Entries provided →
-=-=-=-=-

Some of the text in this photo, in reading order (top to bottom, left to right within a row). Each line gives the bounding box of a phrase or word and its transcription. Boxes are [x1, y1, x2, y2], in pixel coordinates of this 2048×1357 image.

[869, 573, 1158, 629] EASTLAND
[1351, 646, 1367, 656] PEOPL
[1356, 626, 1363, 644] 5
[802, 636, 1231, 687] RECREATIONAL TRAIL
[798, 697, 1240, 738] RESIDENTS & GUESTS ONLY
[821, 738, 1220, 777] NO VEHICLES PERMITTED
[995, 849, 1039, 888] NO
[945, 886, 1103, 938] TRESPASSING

-=-=-=-=-

Every line of the data should be copied exactly.

Solution to this exercise →
Some of the text in this photo, in reading order (top to bottom, left to right within a row). Each line gives the bounding box of a phrase or word and its transcription. Boxes are [x1, y1, x2, y2], in pixel coordinates of this 2048×1357 image.

[869, 573, 1158, 629] EASTLAND
[1351, 646, 1367, 656] PEOPL
[1356, 626, 1363, 644] 5
[802, 636, 1231, 687] RECREATIONAL TRAIL
[798, 697, 1240, 738] RESIDENTS & GUESTS ONLY
[821, 738, 1220, 777] NO VEHICLES PERMITTED
[995, 849, 1039, 888] NO
[945, 886, 1103, 938] TRESPASSING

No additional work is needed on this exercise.